HIV感染の主な感染経路と予防策
HIVの主な感染経路
HIVは血液、精液、前立腺液、直腸分泌物、膣分泌物、母乳などの体液を介して主に感染します。代表的な感染経路は以下の通りです。
1. コンドーム未使用の性行為
感染者と非感染者が、膣、肛門、口腔のいずれかの性行為をコンドームなしで行うと、体液の接触によりウイルスが移ります。
2. 注射器・針の共有
薬物注射時に針やシリンジ、その他の注射器具を共有すると、感染者の血液が混入し、HIVが伝播します。
3. 輸血・臓器移植
かつては感染者の血液や臓器が原因で感染が起こっていましたが、現在は血液・臓器のスクリーニングが徹底されており、多くの国でリスクは極めて低くなっています。
4. 母子感染
妊娠・出産・授乳の過程で、感染した母親から胎児や新生児へウイルスが移ります。

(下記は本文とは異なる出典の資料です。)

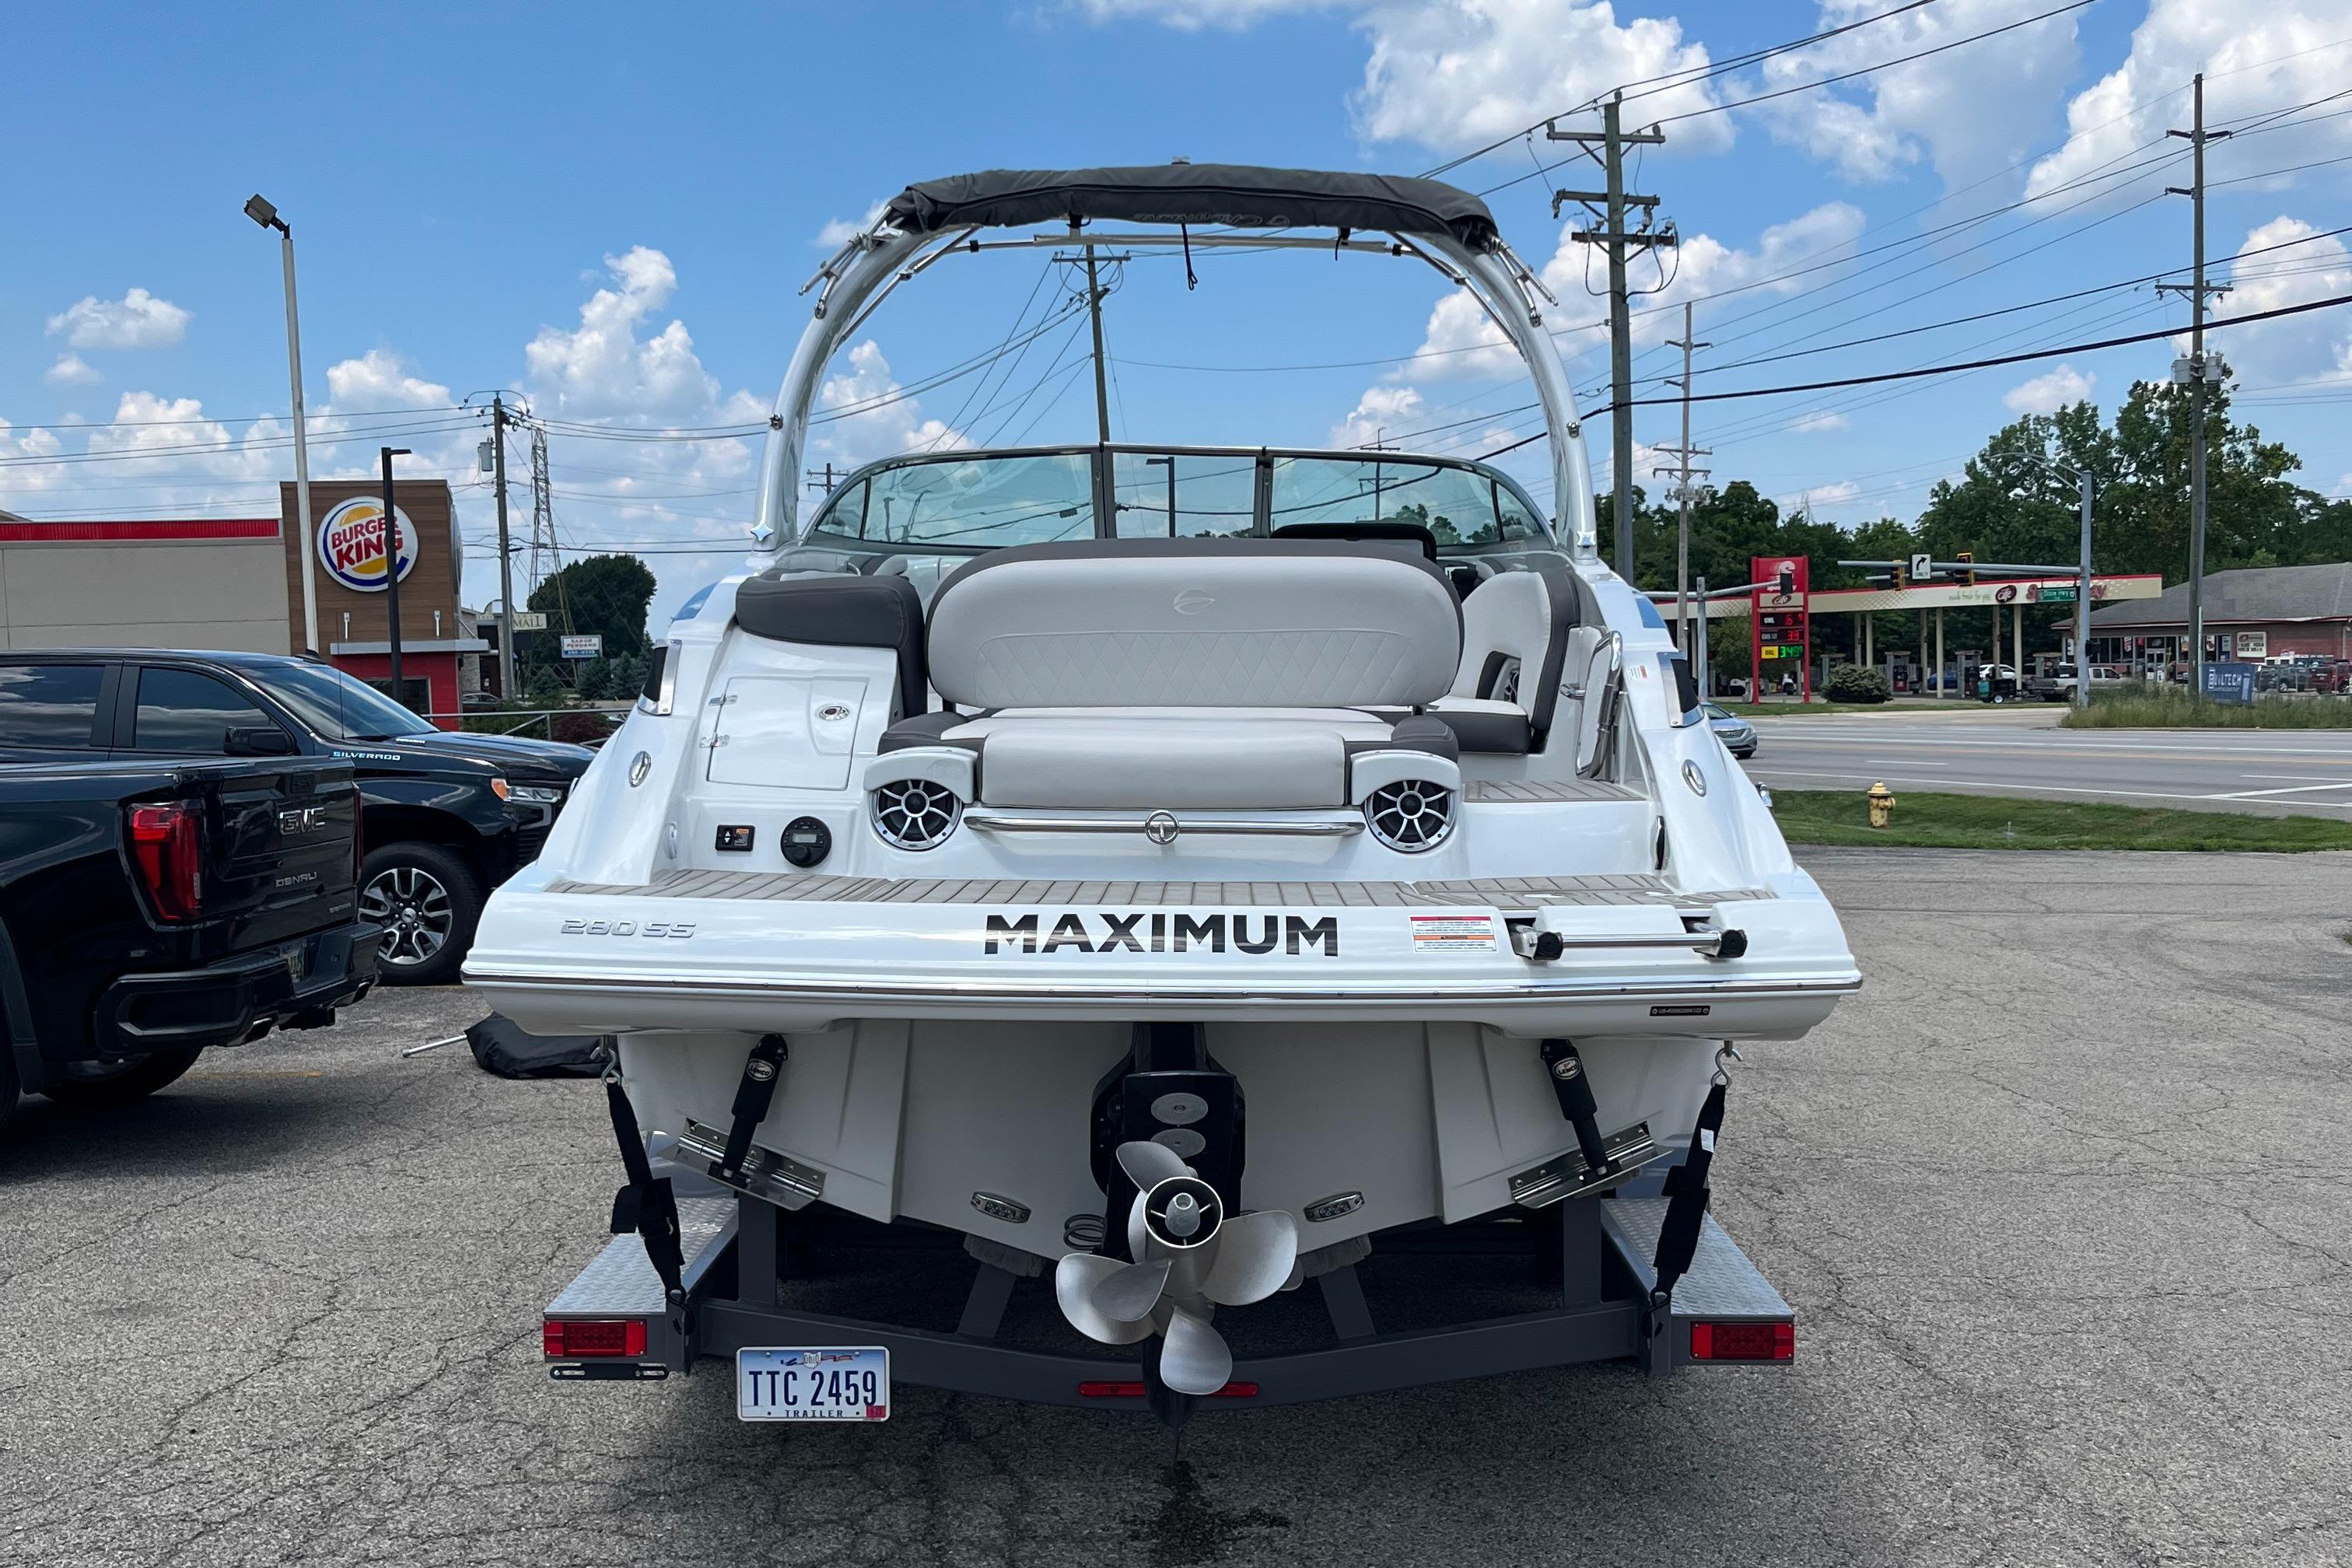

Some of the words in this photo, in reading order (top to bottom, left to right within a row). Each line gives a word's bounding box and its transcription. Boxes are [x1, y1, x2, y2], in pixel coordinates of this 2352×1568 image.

[513, 616, 544, 628] MALL
[333, 751, 401, 761] SILVERADO
[279, 807, 325, 835] GMC
[275, 871, 317, 887] DENALI
[561, 918, 637, 936] 280
[642, 921, 696, 938] SS
[984, 913, 1339, 957] MAXIMUM
[748, 1370, 798, 1406] TTC
[810, 1370, 877, 1406] 2459
[785, 1409, 843, 1418] TRAILER
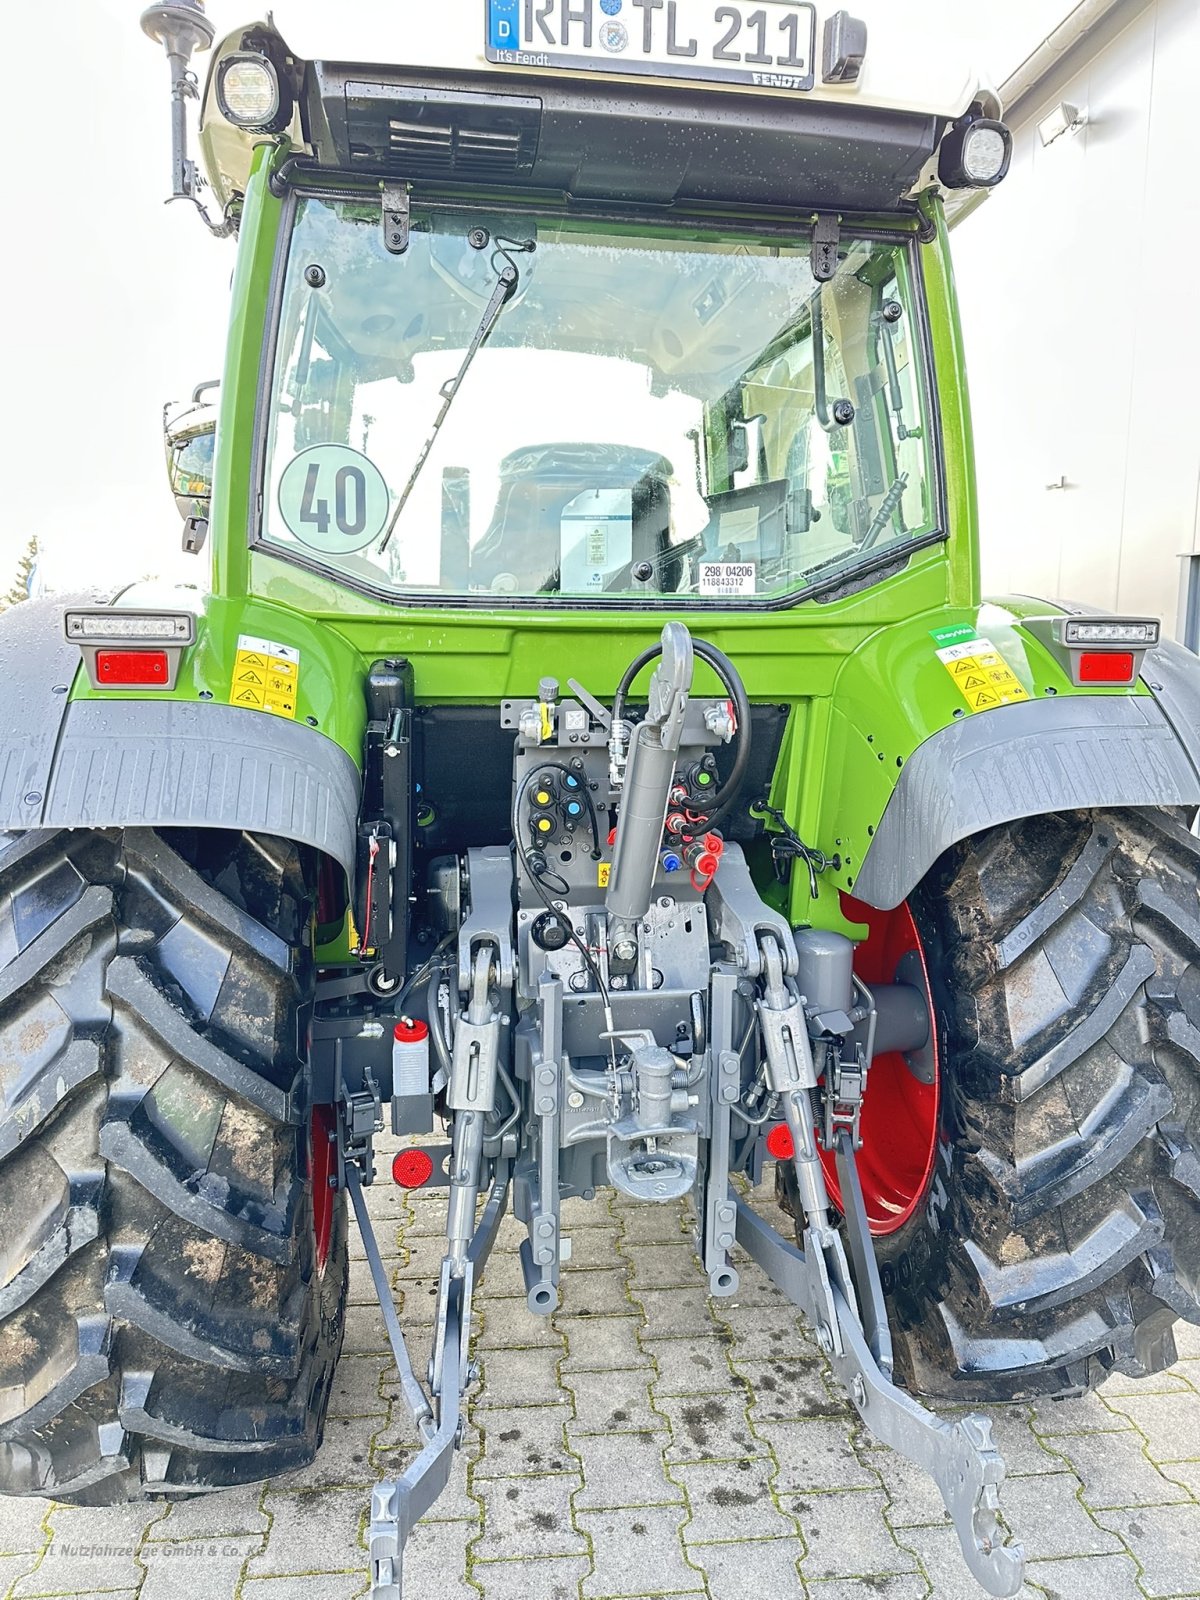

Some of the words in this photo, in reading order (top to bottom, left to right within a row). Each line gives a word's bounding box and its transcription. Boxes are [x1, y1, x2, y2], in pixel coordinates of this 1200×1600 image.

[498, 20, 510, 37] D
[524, 0, 593, 47] RH
[632, 0, 698, 57] TL
[712, 6, 804, 67] 211
[496, 49, 513, 62] It's
[752, 72, 804, 89] FENDT
[300, 463, 366, 536] 40
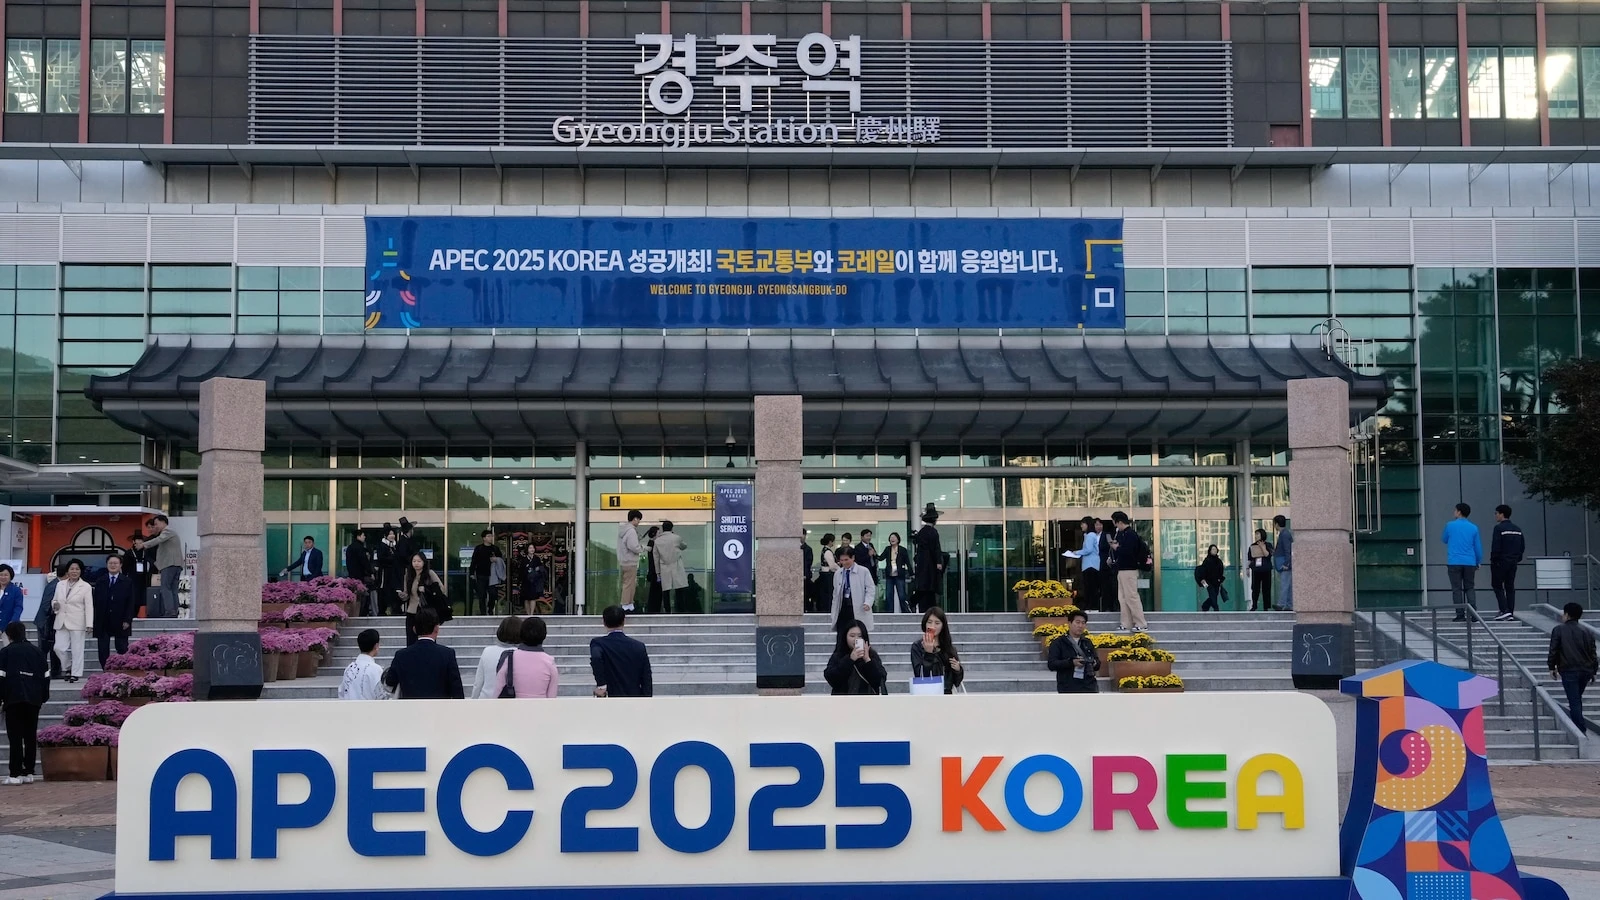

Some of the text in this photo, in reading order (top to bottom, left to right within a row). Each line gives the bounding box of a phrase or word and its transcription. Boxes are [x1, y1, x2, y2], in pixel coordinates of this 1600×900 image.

[634, 33, 863, 114] 경주역
[552, 116, 941, 148] Gyeongju Station 慶州驛
[429, 249, 1064, 274] APEC 2025 KOREA 성공개최! 국토교통부와 코레일이 함께 응원합니다.
[650, 284, 692, 295] WELCOME
[695, 284, 706, 295] TO
[758, 284, 847, 296] GYEONGSANGBUK-DO
[611, 497, 619, 506] 1
[721, 515, 747, 524] SHUTTLE
[719, 525, 748, 533] SERVICES
[149, 740, 1306, 862] APEC 2025 KOREA
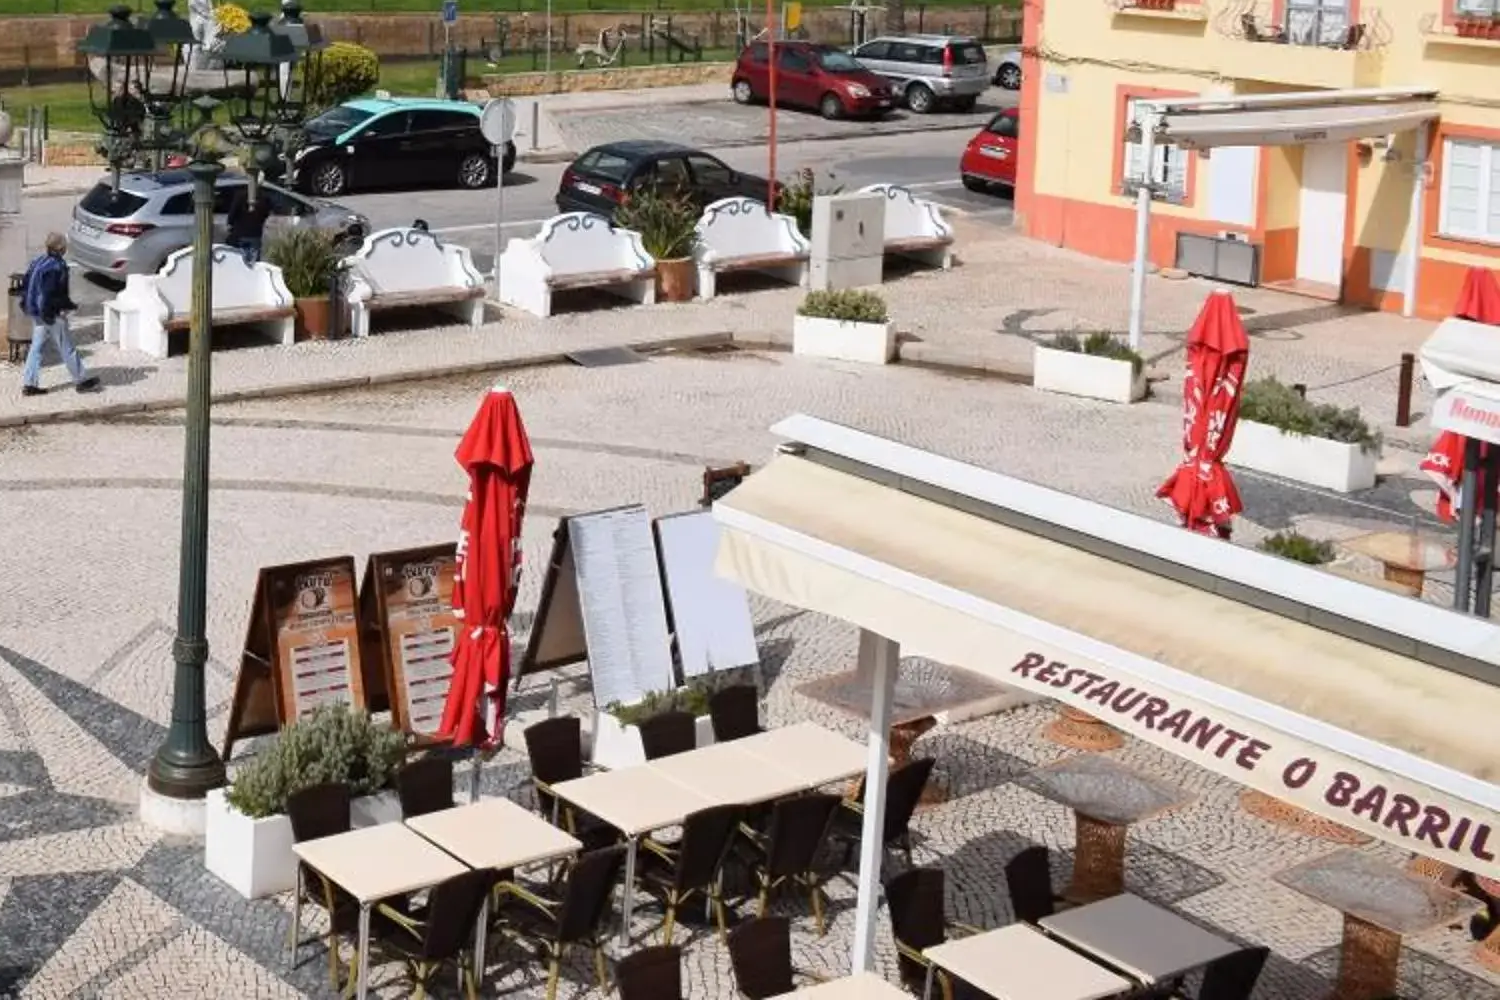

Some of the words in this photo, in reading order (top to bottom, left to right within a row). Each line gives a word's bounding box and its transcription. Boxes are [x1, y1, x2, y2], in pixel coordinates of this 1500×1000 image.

[1011, 652, 1271, 771] RESTAURANTE
[1282, 757, 1317, 789] O
[1324, 771, 1496, 863] BARRIL

適切な抗レトロウイルス治療と出産・授乳に関する管理を行えば、感染リスクは大幅に低減できます。
5. 針刺し事故
医療従事者が感染した血液に触れた針や鋭利な器具で誤って刺された場合、HIVに曝露する可能性があります。
なお、握手や食器の共有、日常的な接触など、カジュアルな接触でHIVが感染することはありません。ウイルスは体液の直接的な交換がなければ伝播しません。